Desorganisierte Bindung: Junge Frau am Fenster, blickt raus, es regnet
© Africa Studio / Adobe Stock
Die desorganisierte Bindung ist einer der vier Bindungstypen. Woran kann man sie erkennen und wie wirkt sie sich auf unsere Beziehungen aus?

Inhaltsverzeichnis

Wie wir als erwachsene Personen lieben werden, entscheidet sich schon in der frühen Kindheit. Das ist die Annahme, die der Psychoanalytiker John Bowlby in seiner Bindungstheorie vertritt. Ihren Ursprung finden diese Ergebnisse in den 1960er Jahren. Etwa ein Jahrzehnt später beschäftigte sich die Psychologin Mary Ainsworth ebenfalls mit dieser Thematik und entwickelte sie weiter. Dabei heraus kamen die vier Bindungstypen, die ein Großteil der Psycholog:innen auch heute noch für richtig halten. Sie lauten wie folgt:

  1. Unsicher-vermeidende Bindung
  2. Sichere Bindung
  3. Unsicher-ambivalente Bindung
  4. Desorganisierte Bindung

Mit der Bindungstheorie und der Entstehung Aufteilung in Bindungstypen haben wir uns bereits genauer befasst. In diesem Artikel gehen wir detaillierter auf die desorganisierte Bindung ein.

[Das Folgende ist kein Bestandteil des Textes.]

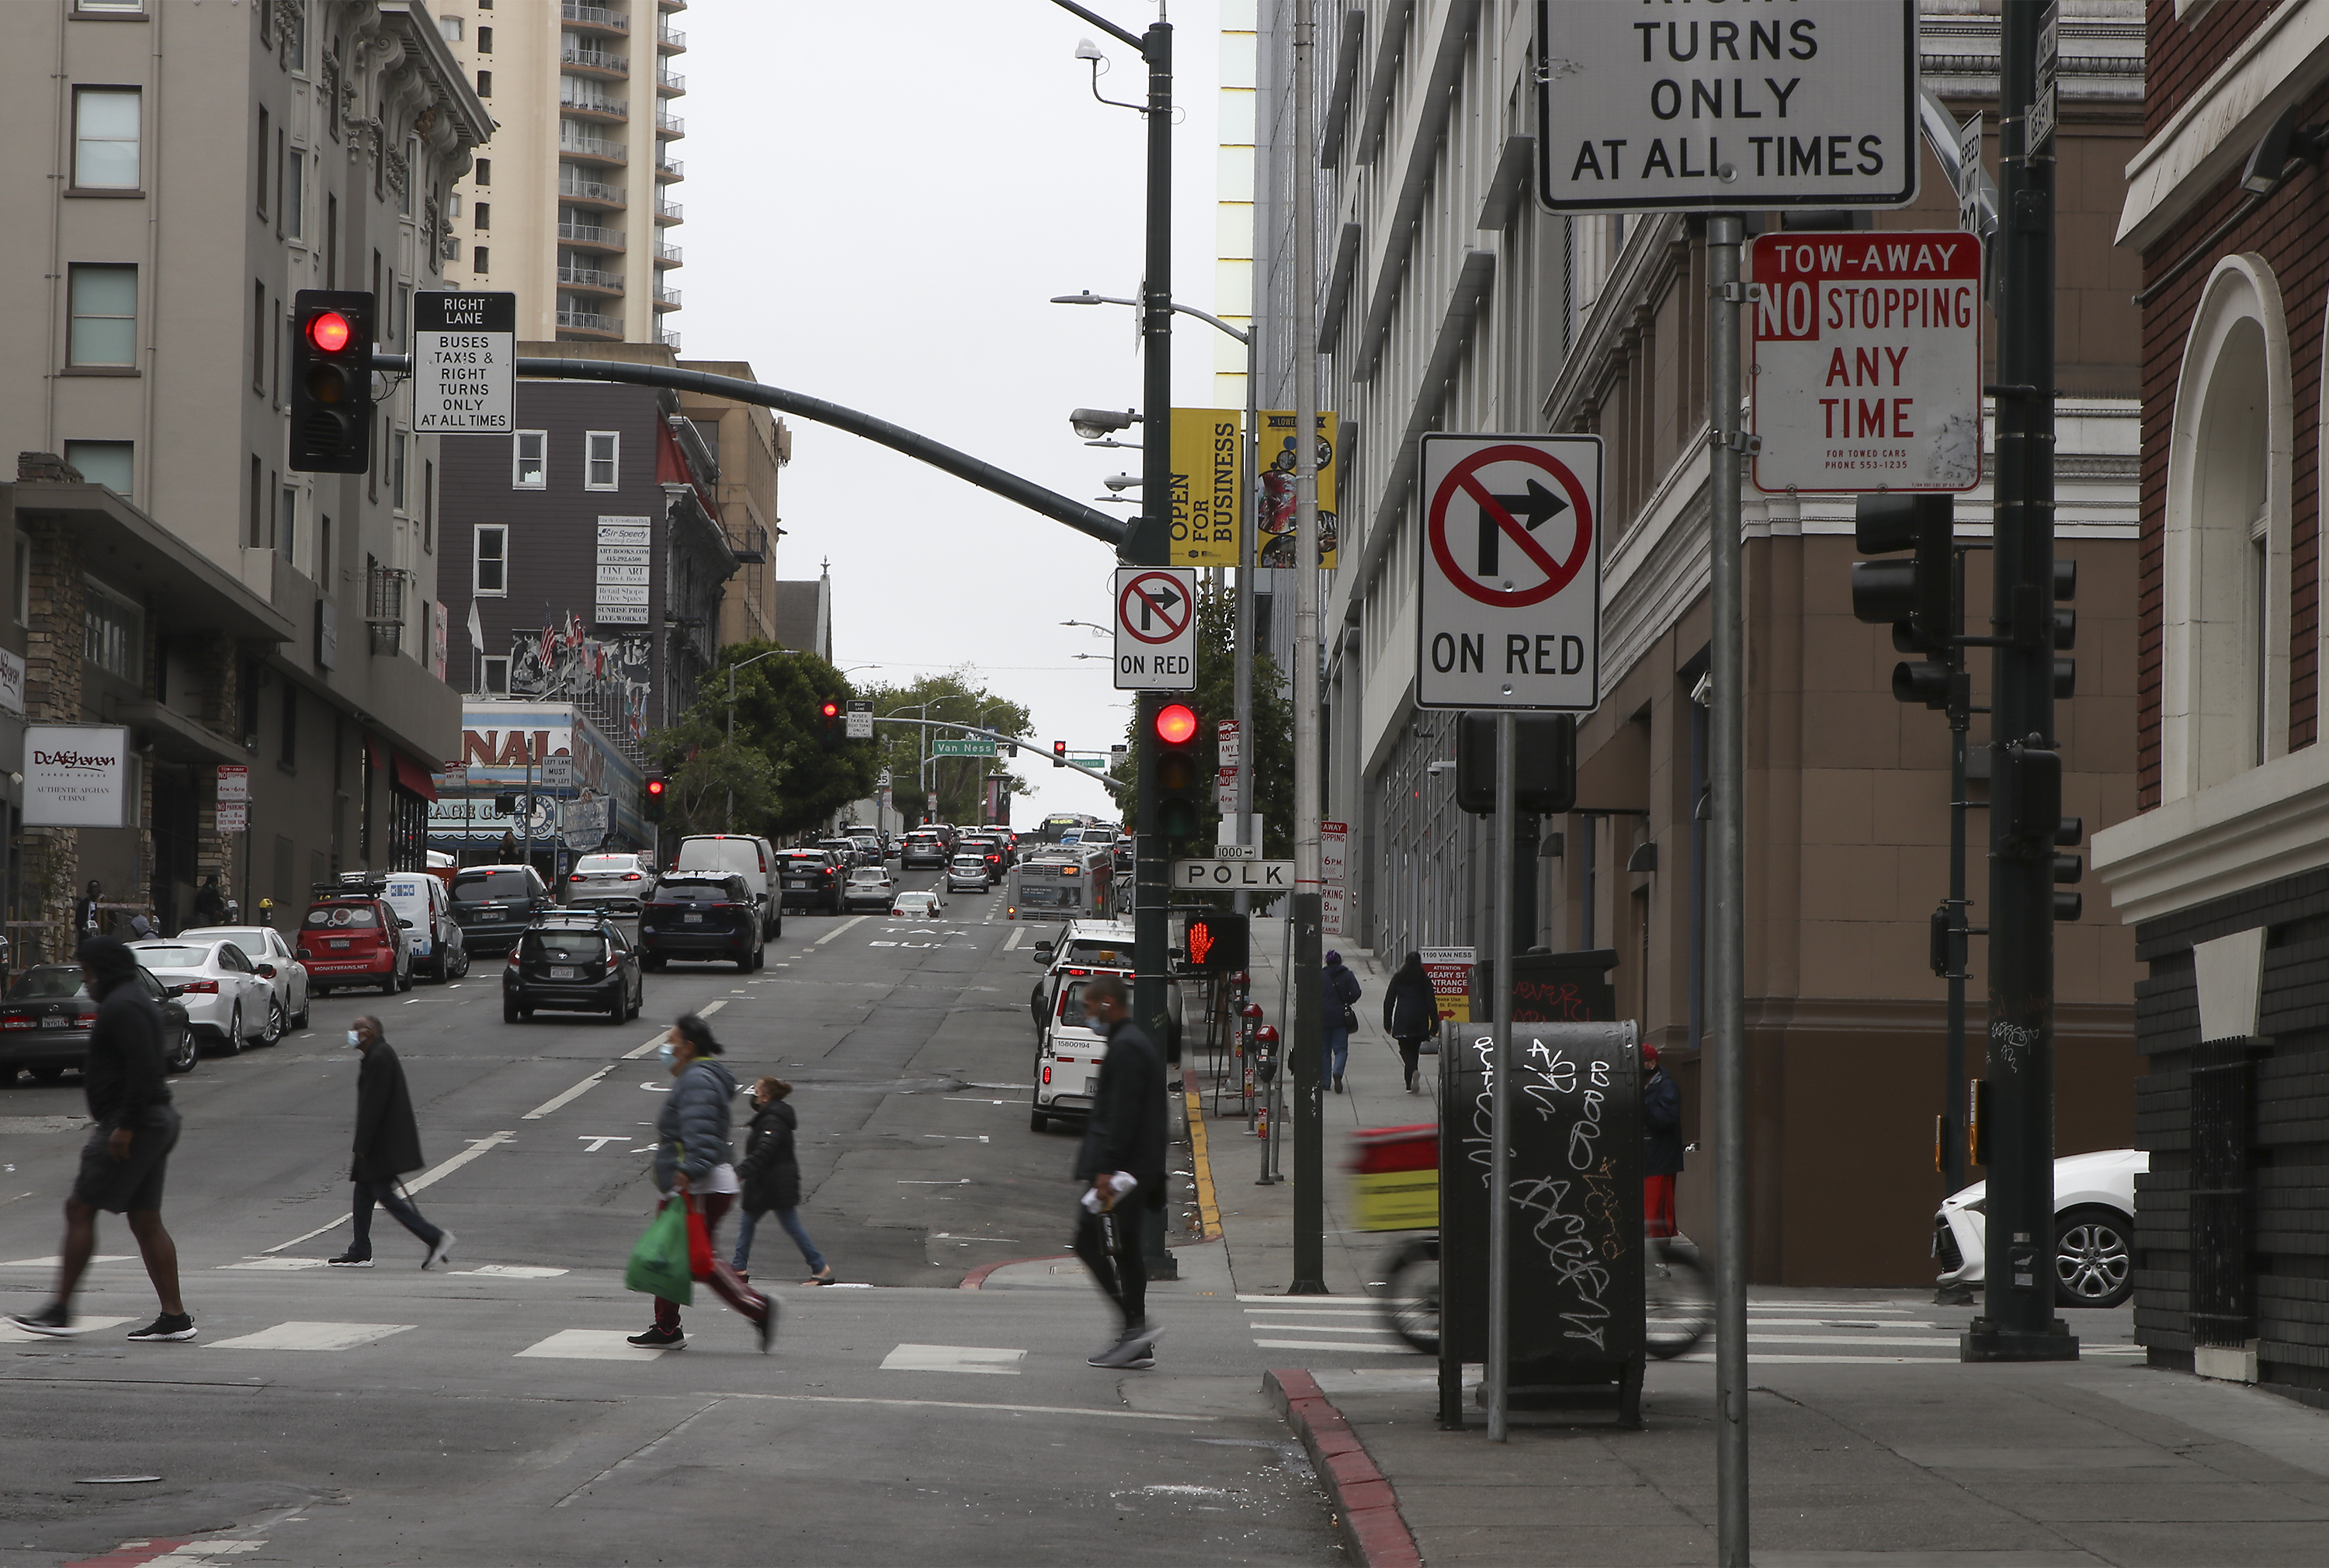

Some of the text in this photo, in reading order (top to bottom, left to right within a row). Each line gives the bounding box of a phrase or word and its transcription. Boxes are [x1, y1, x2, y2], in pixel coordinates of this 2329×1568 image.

[1633, 19, 1817, 62] TURNS
[1650, 77, 1801, 120] ONLY
[2031, 96, 2050, 141] GEARY
[1571, 134, 1884, 181] AT ALL TIMES
[1961, 134, 1980, 169] SPEED
[1961, 168, 1977, 201] LIMIT
[1775, 244, 1958, 272] TOW-AWAY
[444, 298, 485, 310] RIGHT
[1758, 281, 1971, 337] NO STOPPING
[446, 312, 483, 324] LANE
[439, 336, 489, 348] BUSES
[484, 352, 494, 363] &
[1825, 346, 1910, 387] ANY
[441, 368, 487, 380] RIGHT
[439, 383, 489, 395] TURNS
[443, 399, 484, 411] ONLY
[421, 415, 506, 426] AT ALL TIMES
[1819, 398, 1914, 438] TIME
[1213, 423, 1234, 543] BUSINESS
[1170, 472, 1189, 542] OPEN
[1192, 499, 1209, 543] FOR
[619, 530, 648, 539] Speedy
[1432, 632, 1584, 675] ON RED
[1121, 655, 1189, 675] ON RED
[938, 743, 991, 752] Van Ness
[1220, 776, 1230, 785] NO
[1218, 847, 1242, 857] 1000
[1189, 865, 1283, 884] POLK
[1058, 1040, 1090, 1049] 15800194

Was ist eine desorganisierte Bindung?

Der desorganisierte Bindungsstil ist eine Kombination aus dem ängstlichen und dem vermeidenden Bindungsstil. Menschen mit desorganisierter Bindung sehnen sich einerseits verzweifelt nach Zuneigung und wollen sie andererseits um jeden Preis vermeiden. Sie zögern, eine enge romantische Beziehung einzugehen, haben aber gleichzeitig das dringende Bedürfnis, sich von anderen geliebt zu fühlen. Das Bindungsverhalten der Betroffenen ist inkonsistent und schwankt zwischen den Extremen von Vermeidung und Ängstlichkeit. Im Allgemeinen ist der desorganisierte Bindungsstil bisher selten und nicht ausgiebig erforscht.

Wie entsteht eine desorganisierte Bindung?

Die Art der Umgebung, die eine desorganisierte Bindung beeinflusst, beinhaltet eine Betreuungsperson, die beängstigend oder traumatisierend ist. Das führt dazu, dass das Kind ein tiefes Gefühl der Angst und einen Mangel an Vertrauen in andere erlebt – obwohl es sich eine enge Bindung wünscht. Die häufigsten Ursachen für einen desorganisierten Bindungsstil sind Kindheitstraumata, Vernachlässigung oder Missbrauch.

Die Bezugspersonen sind jedoch nicht die einzigen, die das Bindungsverhalten prägen. Der Bindungsstil eines Menschen kann auch durch andere wichtige Beziehungen im Laufe seines Lebens beeinflusst werden, zum Beispiel durch Freundschaften und frühere Liebesbeziehungen. Eine Person kann in der Kindheit eine sichere Bindung gehabt haben, während Verrat und Untreue im Erwachsenenalter zu einer unsicheren Bindung führten.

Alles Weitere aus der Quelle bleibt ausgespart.